BEGIN
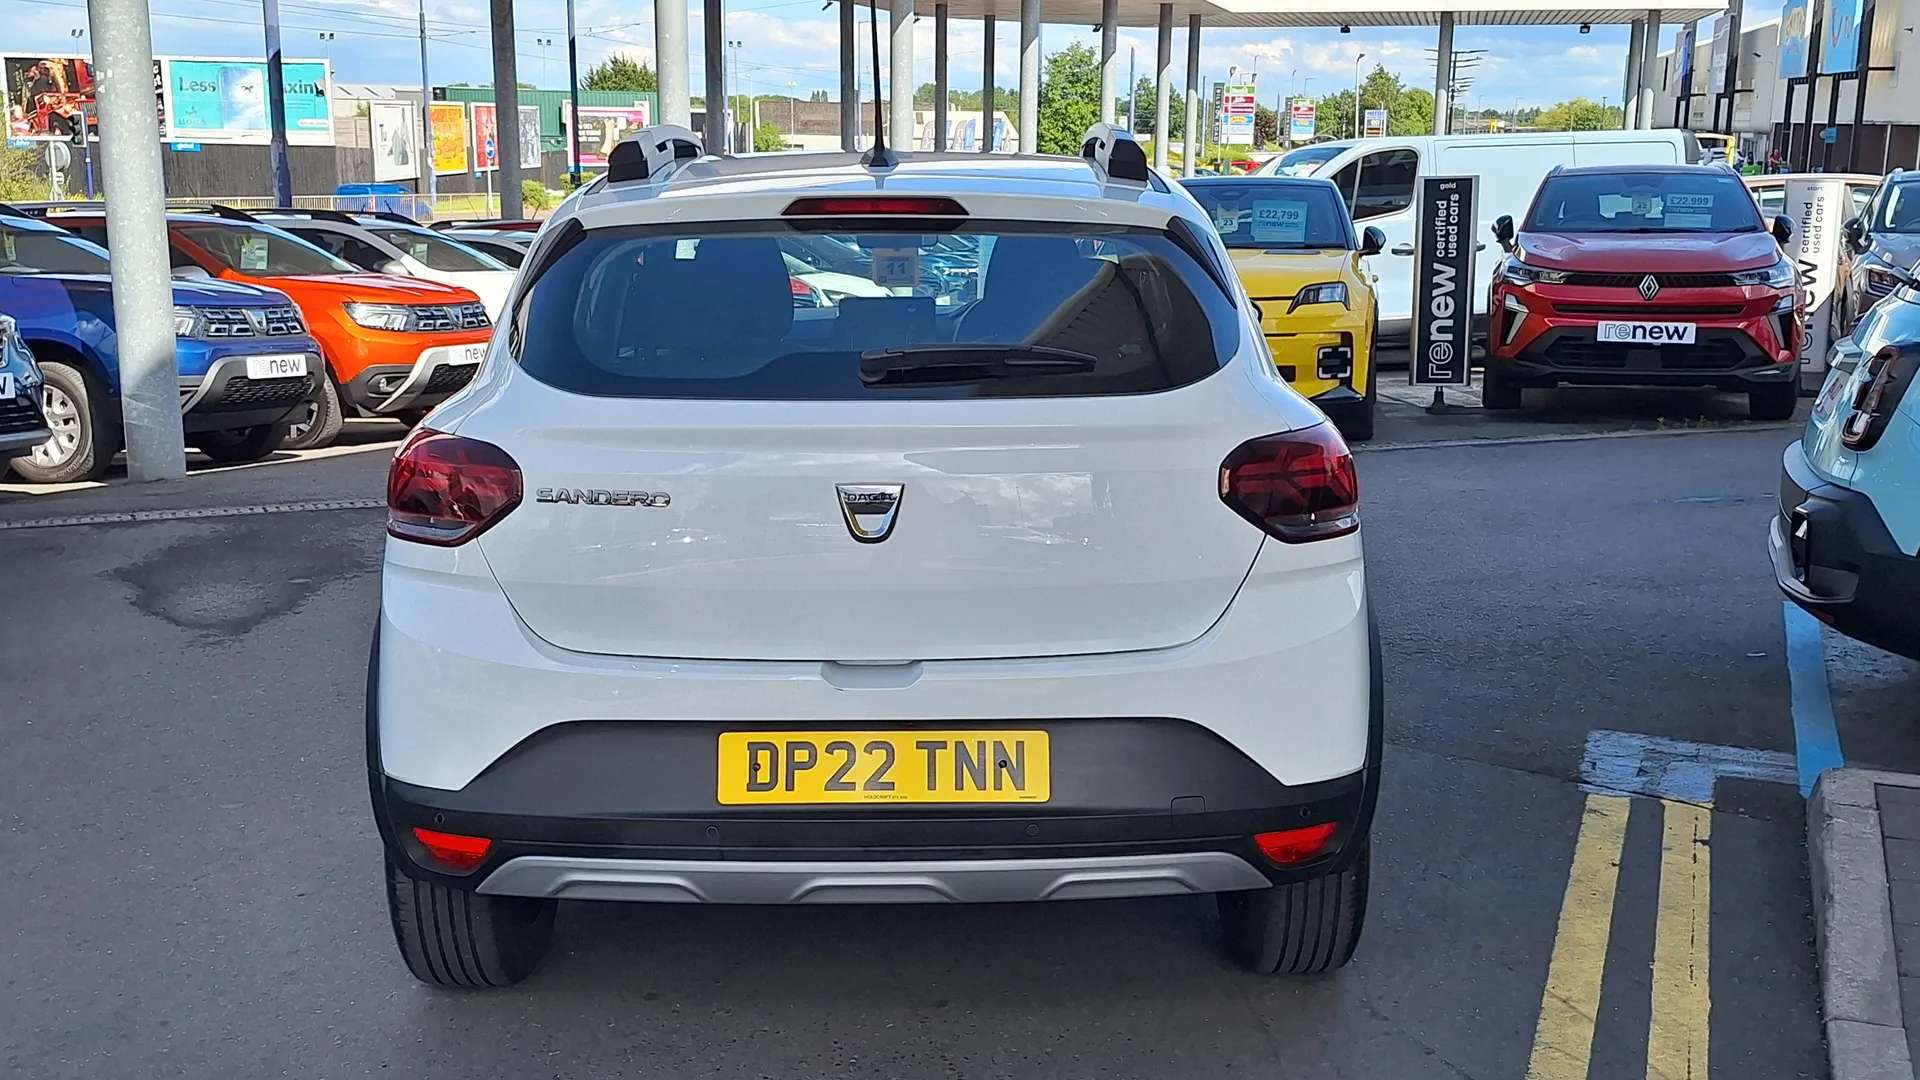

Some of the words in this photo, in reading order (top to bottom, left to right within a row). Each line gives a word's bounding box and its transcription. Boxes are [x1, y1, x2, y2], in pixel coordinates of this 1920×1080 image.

[179, 76, 217, 93] Less
[1439, 182, 1457, 191] gold
[1259, 209, 1299, 221] £22,799
[1449, 193, 1460, 224] cars
[1815, 195, 1825, 223] cars
[1435, 200, 1448, 258] certified
[1447, 225, 1459, 258] used
[1800, 201, 1813, 254] certified
[1812, 224, 1823, 254] used
[1427, 262, 1457, 379] renew
[1603, 323, 1688, 341] renew
[536, 488, 671, 508] SANDERO
[746, 740, 897, 792] DP22
[916, 740, 1027, 791] TNN
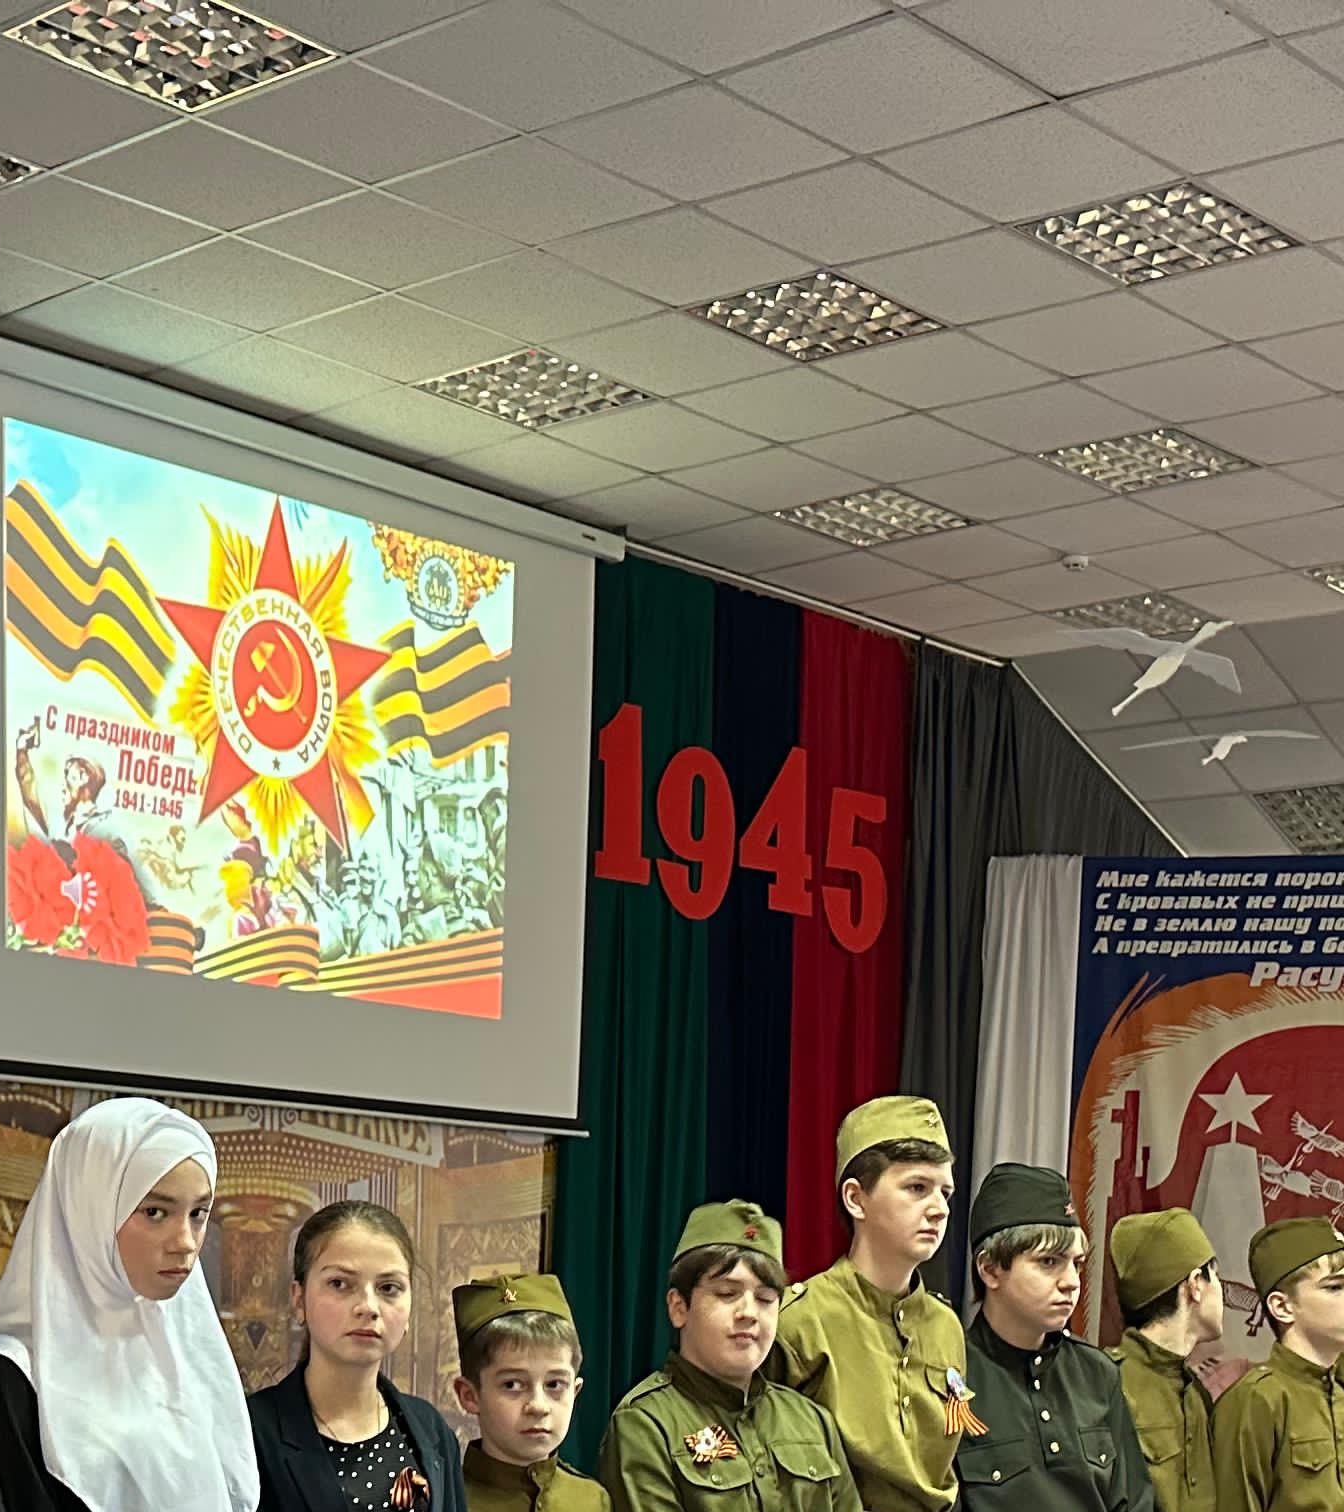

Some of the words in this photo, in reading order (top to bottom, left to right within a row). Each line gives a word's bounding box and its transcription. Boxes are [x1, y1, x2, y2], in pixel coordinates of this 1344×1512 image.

[218, 597, 324, 754] ОТЕЧЕСТВЕННАЯ
[46, 705, 58, 730] С
[65, 713, 175, 756] праздником
[113, 788, 183, 819] 1941-1945
[595, 702, 887, 953] 1945
[1096, 871, 1149, 888] Мне
[1155, 870, 1268, 888] кажется
[1096, 893, 1111, 910] С
[1116, 893, 1239, 912] кровавых
[1246, 895, 1276, 910] не
[1094, 915, 1127, 932] Не
[1132, 917, 1147, 932] в
[1153, 916, 1238, 933] землю
[1243, 916, 1312, 934] нашу
[1092, 937, 1109, 954] А
[1116, 938, 1293, 957] превратились
[1300, 939, 1316, 954] в
END
*Directions:* The answer is the entries above, given again exactly, with no pictures among them.

*Answer to this problem:*
Some of the words in this photo, in reading order (top to bottom, left to right within a row). Each line gives a word's bounding box and its transcription. Boxes are [x1, y1, x2, y2], in pixel coordinates of this 1920×1080 image.

[179, 76, 217, 93] Less
[1439, 182, 1457, 191] gold
[1259, 209, 1299, 221] £22,799
[1449, 193, 1460, 224] cars
[1815, 195, 1825, 223] cars
[1435, 200, 1448, 258] certified
[1447, 225, 1459, 258] used
[1800, 201, 1813, 254] certified
[1812, 224, 1823, 254] used
[1427, 262, 1457, 379] renew
[1603, 323, 1688, 341] renew
[536, 488, 671, 508] SANDERO
[746, 740, 897, 792] DP22
[916, 740, 1027, 791] TNN

Some of the words in this photo, in reading order (top to bottom, left to right within a row). Each line gives a word's bounding box and its transcription. Boxes are [x1, y1, x2, y2], in pixel coordinates of this 1344×1512 image.

[218, 597, 324, 754] ОТЕЧЕСТВЕННАЯ
[46, 705, 58, 730] С
[65, 713, 175, 756] праздником
[113, 788, 183, 819] 1941-1945
[595, 702, 887, 953] 1945
[1096, 871, 1149, 888] Мне
[1155, 870, 1268, 888] кажется
[1096, 893, 1111, 910] С
[1116, 893, 1239, 912] кровавых
[1246, 895, 1276, 910] не
[1094, 915, 1127, 932] Не
[1132, 917, 1147, 932] в
[1153, 916, 1238, 933] землю
[1243, 916, 1312, 934] нашу
[1092, 937, 1109, 954] А
[1116, 938, 1293, 957] превратились
[1300, 939, 1316, 954] в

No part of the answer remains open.